I originally tried Jekyll, but ran into an issue with the WordPress export plugin. I submitted a patch recently, but between the staleness of that bug and having to fight to get Ruby installed correctly (I don’t use Ruby), I started looking for alternatives.
Enter Hugo. While it is newer, the docs were clear, and the community’s WordPress importer worked reasonably well (code blocks were not imported well, and I found an issue because I didn’t have a wp-content/uploads
folder). The Bootstrap 4 theme looks nice, and Hugo’s performance for generating the site is stellar.
I was using the default URL scheme in WordPress, e.g., “blog.tallent.us/?p=123”. Static files can’t include the query string “?” marker, so I had to come up with rewrite rules to redirect my old WordPress posts to the new canonical posts.
Fortunately, the WordPress export plugin generated my post files with the original “p=X” query in the url
setting of the front matter. Since the url
basically overrides what would normally be the URL for the post, this actually broke Hugo’s ability to create links to the new posts, but it preserved the information I needed to redirect.
I used TextWrangler’s multi-file replace to change the url: /?p=
to originalurl: /?p=
in all of my posts. Since originalurl
is not a recognized setting, Hugo ignores it. I then created a little awk script (“forwards.awk”) to generate my .htaccess
file:
#!/usr/bin/awk -f
BEGIN {
print "RewriteEngine on"
}
{
if($1=="originalurl:") {
sub("content/post/", "/posts/", FILENAME)
sub(/\.md/, "/", FILENAME);
sub("/\\?p=", "", $2)
print "RewriteCond %{QUERY_STRING} ^p=" $2 "$"
print "RewriteRule \"\" \"" FILENAME "\?\" [R=301]\n"
}
}
END {
#forward RSS
print "RewriteCond %{QUERY_STRING} ^feed=rss2$"
print "RewriteRule \"\" \"index.xml?\""
}
The script starts by turning on Apache’s rewrite engine. Next, for each file I pass to it, it looks for the “originalurl” setting and generates a rewrite condition and rule to forward the old WordPress URL to the new canonical URL. (RewriteRule
doesn’t match query strings, so you have to use RewriteCondition
to match the query string and then RewriteRule
to rewrite the root URL.) The script finalizes by creating a rule to rewrite the old RSS feed (“?feed=rss2”) to the new auto-generated feed file (“index.xml”).
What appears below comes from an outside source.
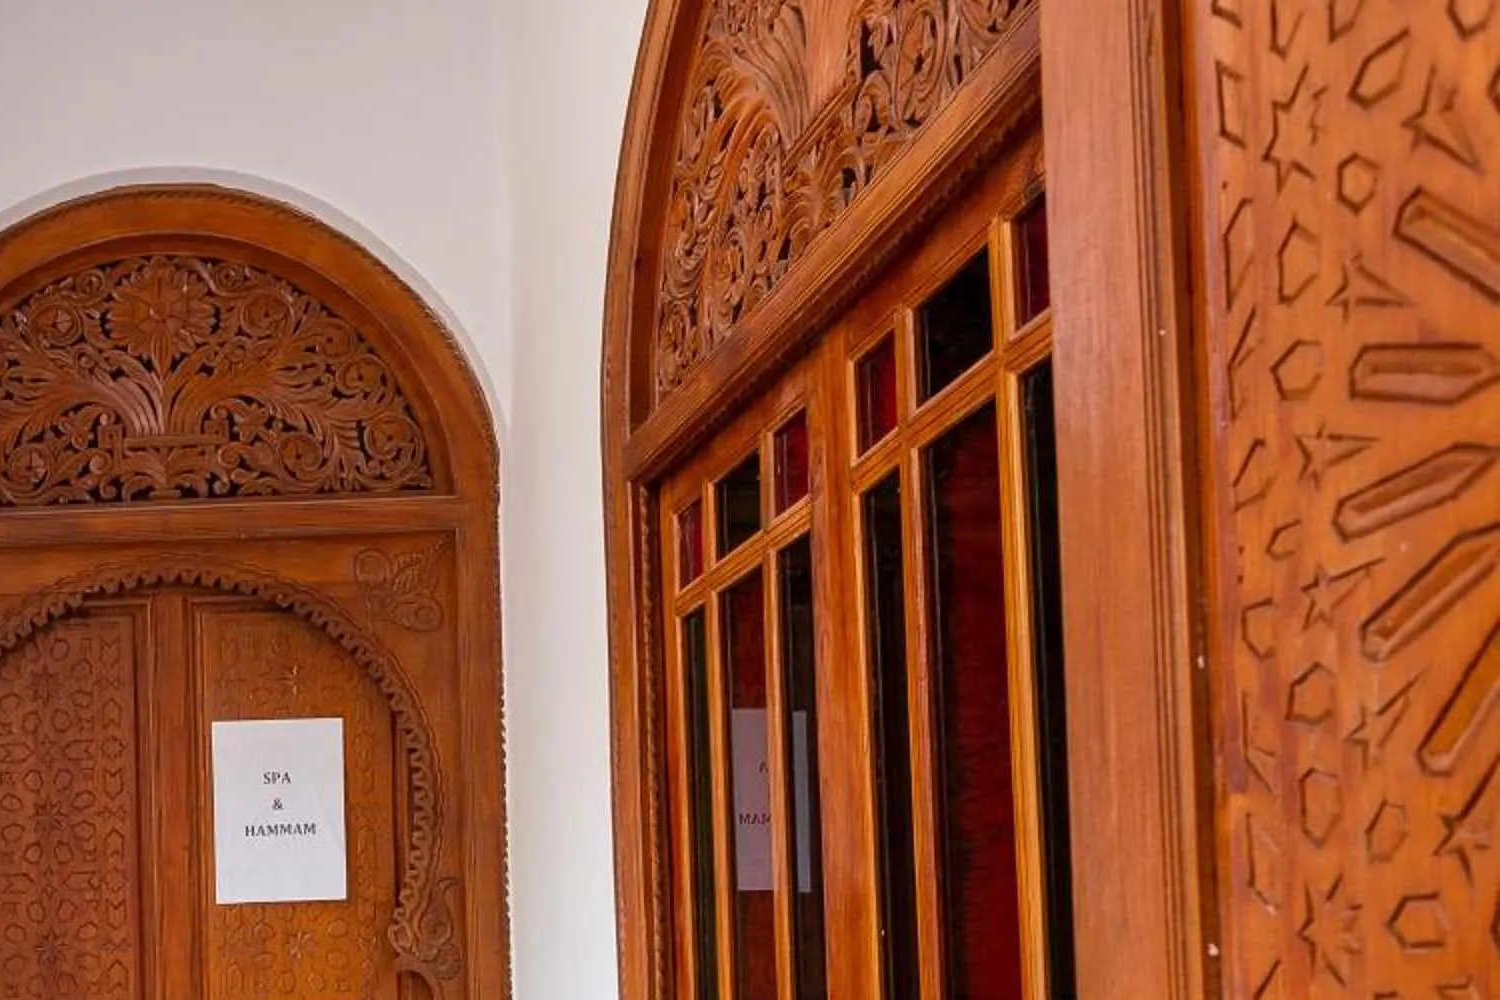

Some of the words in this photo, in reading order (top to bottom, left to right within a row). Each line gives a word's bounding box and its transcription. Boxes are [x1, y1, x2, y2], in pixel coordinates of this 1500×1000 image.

[263, 771, 291, 785] SPA
[271, 798, 284, 811] &
[245, 822, 317, 837] HAMMAM
To tie it all together, I created a little script in my blog source folder called “publish.sh”:
#!/bin/bash
rm -rf public/
hugo
./forwards.awk content/post/*.md > public/.htaccess
rsync -a --delete --info=progress2 public/. /path-to-web-server-publish-folder/
If you have any problems using the new blog or getting the RSS feed, please let me know! I’m now hoping to be able to recover and re-publish some of my blogs going back a few years before I switched to WordPress.